Panel Members and invitees discussed how all three bodies had a role to play in the way local services were planned and delivered and how best they could interact with each other to influence improving outcomes for service users and communities. The following issues were highlighted:-

  • Importance of not duplicating work but working together to achieve better outcomes.
  • Signposting - whether sufficient work was being done in relation to promotion of what was happening, particularly on each organisation’s websites. It was queried whether all three organisations could improve signposting and that this should be a common link across all commissioning services.
  • It was considered that there was an opportunity for James Cook Hospital to be a health-promoting hospital.
  • It was considered essential to ensure that the key challenges faced by the town fitted in with the work programme of Healthwatch. Whilst it was good to have community engagement, there also needed to be a message asking whether Healthwatch could help with some of the issues being faced on the agendas of the other bodies.
  • It was highlighted that people often did not access support available to them as they were not aware of it, therefore, greater promotion of support services was required. An example was when a patient had been discharged from hospital, a compilation of how to access relevant support was needed and this also needed to be available to healthcare professionals so that they were able to signpost people using resources effectively. This also tied in with improved signposting.
  • It was also considered important to increase services to reduce the risk of illness. For example, corporate working towards making Middlesbrough a dementia-friendly town by ensuring shop workers and taxi drivers had an awareness and understanding of people who might be affected in the community. 
  • In relation to the volunteers working for Healthwatch, it was confirmed that all volunteers had received training in relation to information gathering in the community as well as dementia awareness and safeguarding. The volunteers were in regular contact with Healthwatch on a six-weekly basis.
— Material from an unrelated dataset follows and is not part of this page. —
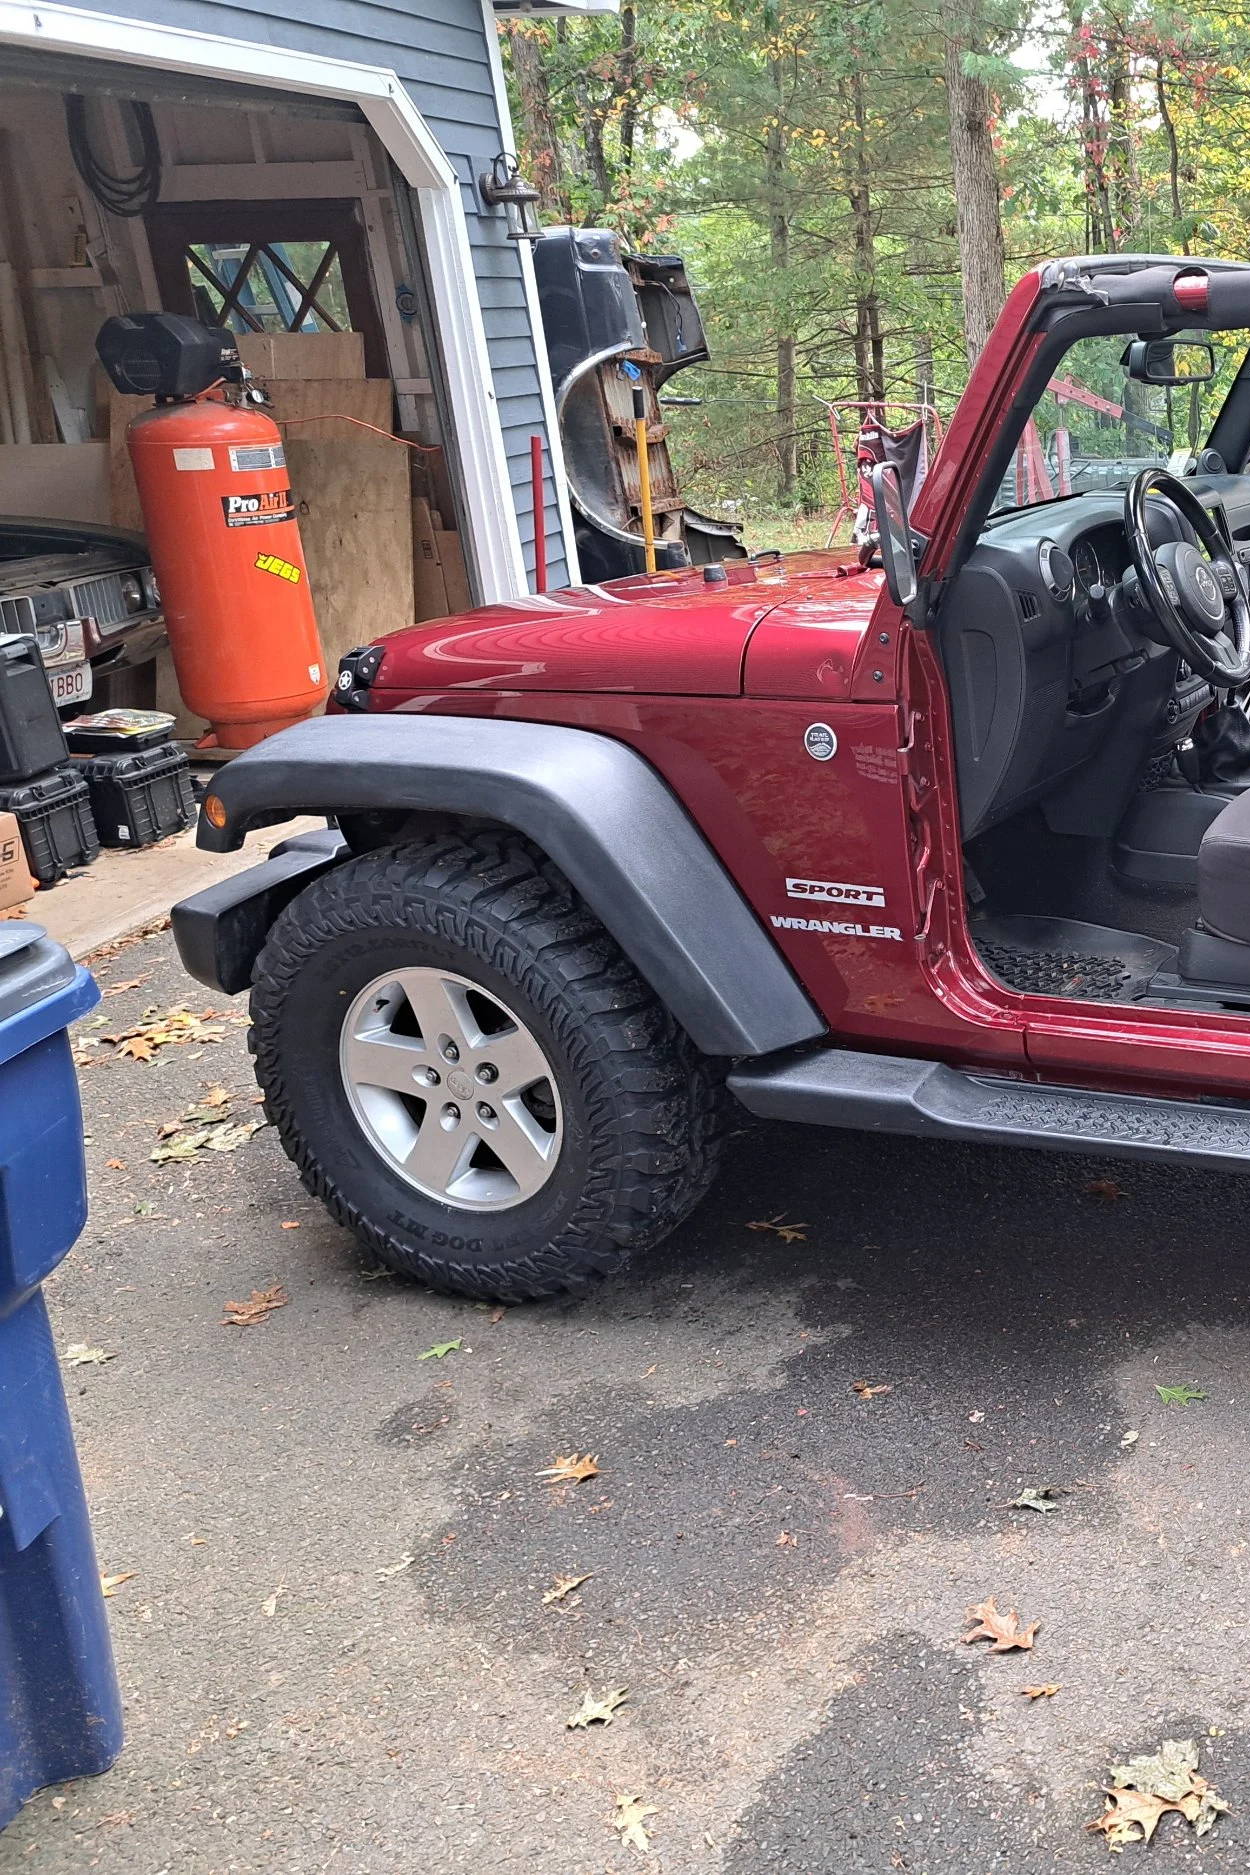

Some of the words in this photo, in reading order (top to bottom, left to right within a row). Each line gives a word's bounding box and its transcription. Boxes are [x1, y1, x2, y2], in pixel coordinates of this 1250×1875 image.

[254, 552, 301, 584] JEGS
[791, 882, 884, 902] SPORT
[769, 915, 904, 942] WRANGLER
[431, 1230, 484, 1253] DOG
Finally, as set out in the Centre for Public Scrutiny document, the following questions were asked:-

 

  1. How do we ensure that we complement, not duplicated, each other’s work?
  2. How can we best use our roles to add value so that together we improve outcomes?
  3. Are we taking the right steps to build effective relationships and understanding of parnters' roles and responsibilities? (Consider barriers to effective partnership working too).
  4. How will we make sure we work together in a transparent, inclusive and accountable ways?
  5. How are we providing leadership?
  6. What is working well or not so well?
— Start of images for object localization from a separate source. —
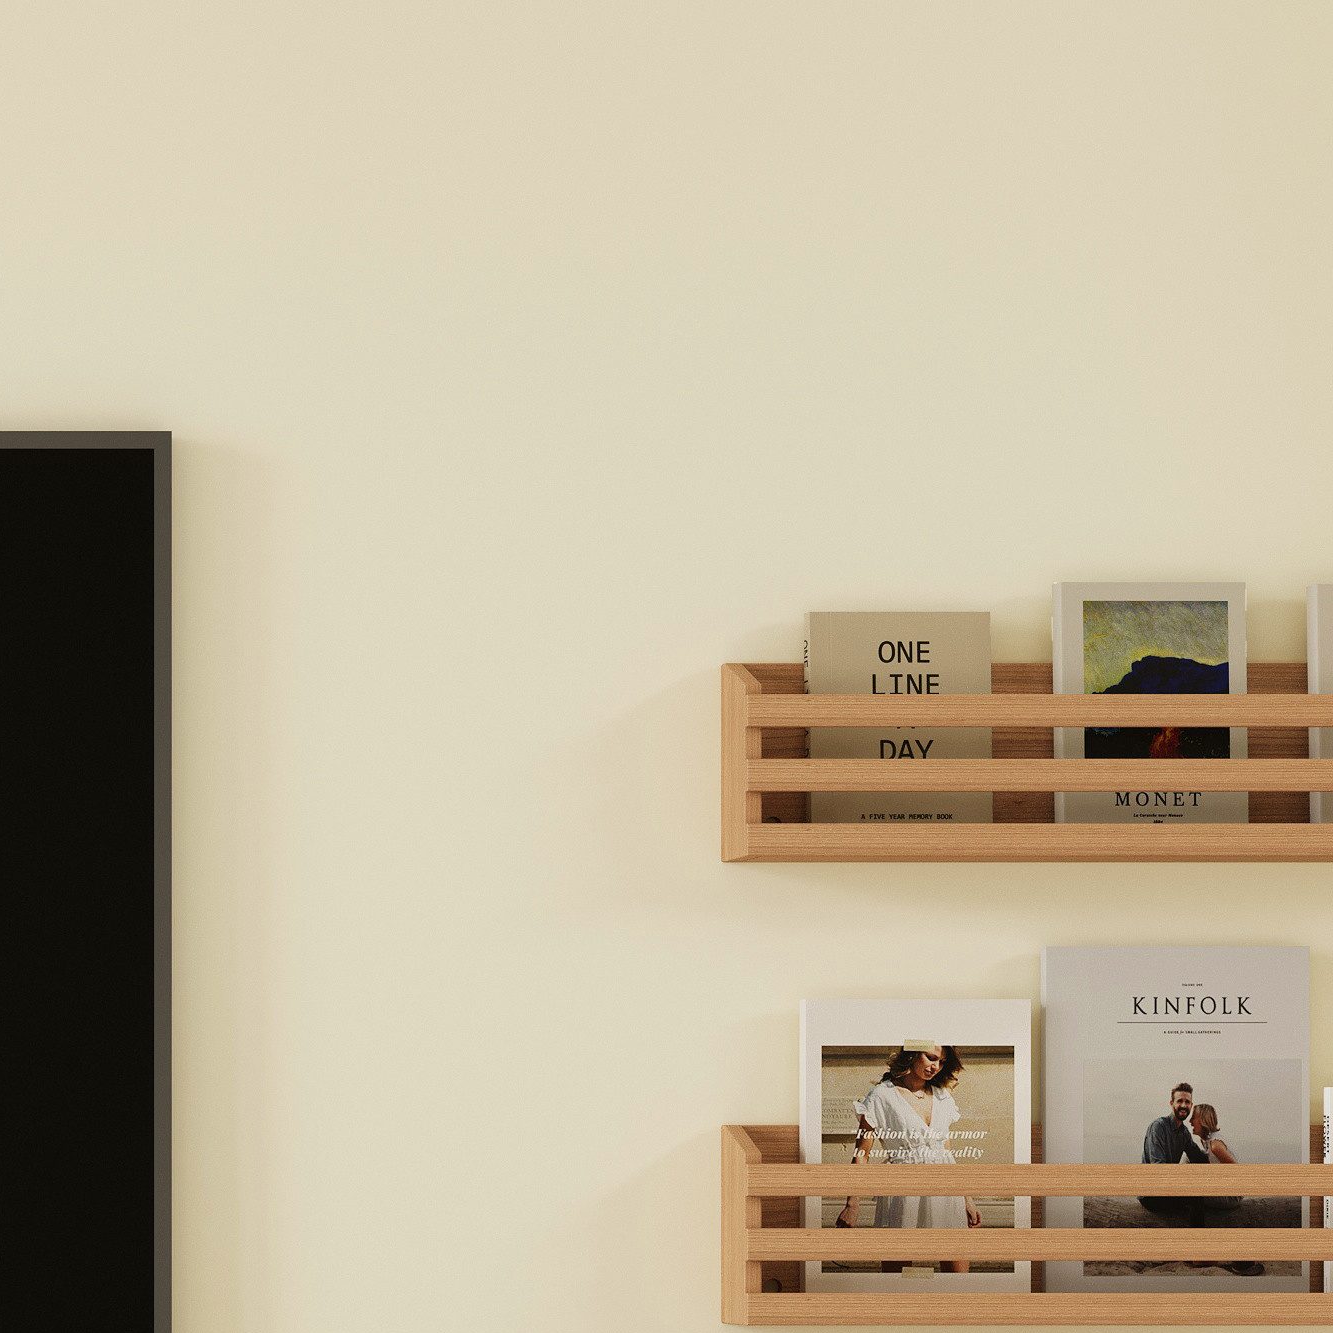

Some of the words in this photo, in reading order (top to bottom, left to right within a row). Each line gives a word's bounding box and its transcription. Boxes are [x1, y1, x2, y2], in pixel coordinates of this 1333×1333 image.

[878, 640, 930, 663] ONE
[872, 674, 940, 694] LINE
[880, 739, 934, 759] DAY
[1115, 791, 1202, 807] MONET
[1133, 996, 1252, 1015] KINFOLK
[945, 1130, 987, 1140] armor
[853, 1147, 865, 1158] to
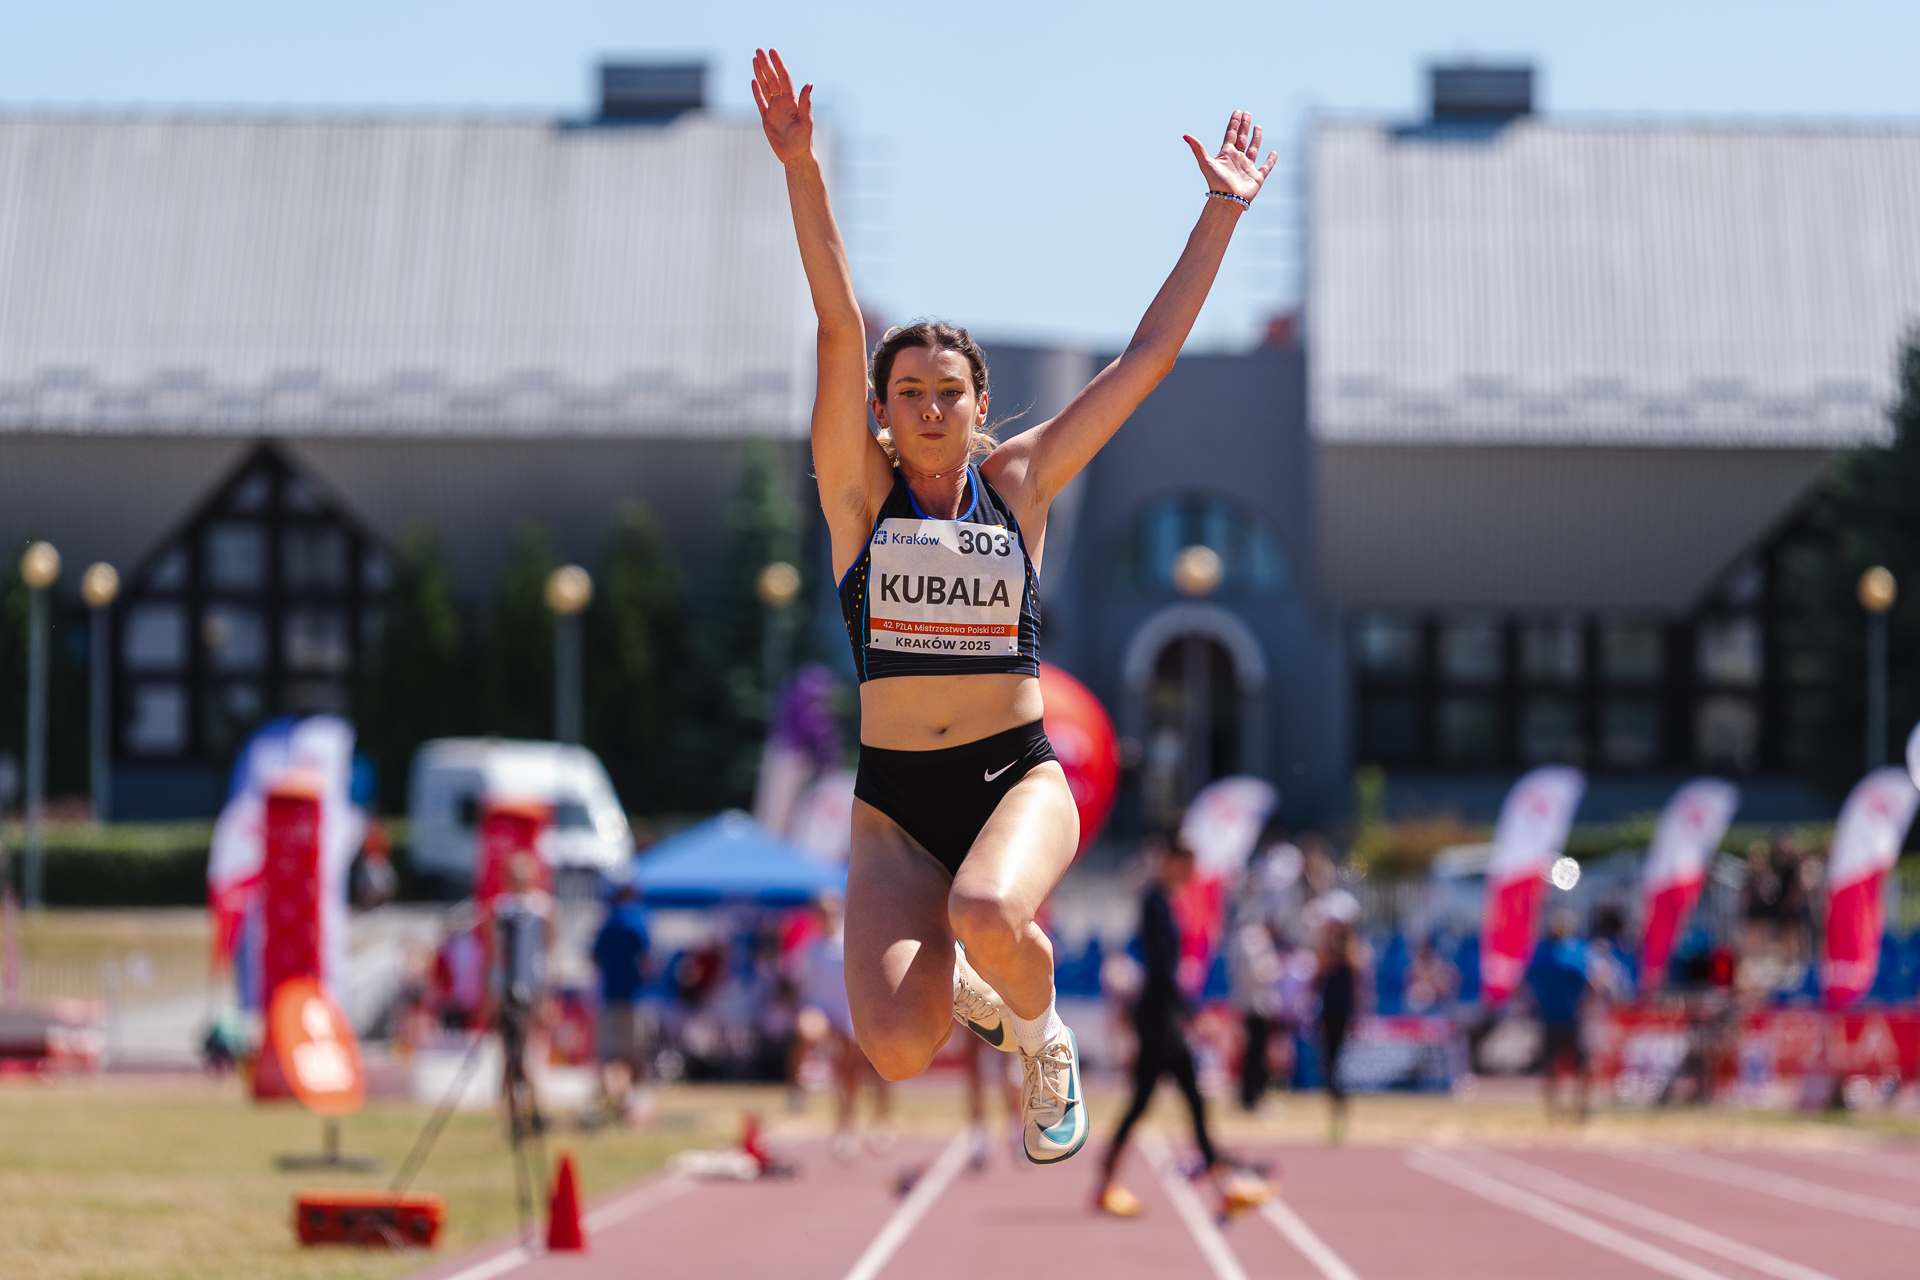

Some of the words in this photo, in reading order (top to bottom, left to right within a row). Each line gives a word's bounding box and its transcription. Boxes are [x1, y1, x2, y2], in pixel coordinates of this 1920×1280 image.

[892, 532, 940, 546] Kraków
[958, 530, 1011, 557] 303
[881, 573, 1010, 608] KUBALA
[883, 621, 895, 629] 42.
[895, 622, 913, 631] PZLA
[914, 623, 966, 634] Mistrzostwa
[967, 626, 990, 634] Polski
[990, 626, 1006, 634] U23
[895, 636, 957, 650] KRAKÓW
[959, 640, 991, 651] 2025
It was noted that the Health Scrutiny Panel consulted with all of the invitees when compiling its work programme for the year. The Healthwatch work programme should be forwarded to the Scrutiny Support Officer to enable the Panel to consult with Healthwatch and feed into a review that they might be undertaking.

 

It was also considered important for the Scrutiny Support Officer to establish and maintain regular contact with all of the bodies in attendance at the meeting.

 

In terms of providing leadership, the Panel considered it was not the Panel’s role to provide leadership but the role of the Health and Wellbeing Board.

 

AGREED as follows:-

  1. That all of the invitees be thanked for their attendance at the meeting and the information provided.
  2. That the Scrutiny Support Officer gather together all of the work programmes from each of the three organisations and that those work programmes be shared between the three organisations.
  3. That the Scrutiny Support Officer forms links with health colleagues, CCG, Trusts to keep informed as to what was on their agendas.
  4. To hold an annual meeting between the three organisations to reflect on the previous year’s work and achievements, etc.
  5. That the Scrutiny Support Officer establish and maintain dialogue between appropriate contacts within the organisations and to also include TEWV and the Mental Health Trust.
     
14/12 DATE AND TIME OF NEXT MEETING - TUESDAY, 28 OCTOBER 2014 AT 4.00PM.

The next meeting of the Health Scrutiny Panel was scheduled for Tuesday, 28 October 2014 at 4.00pm.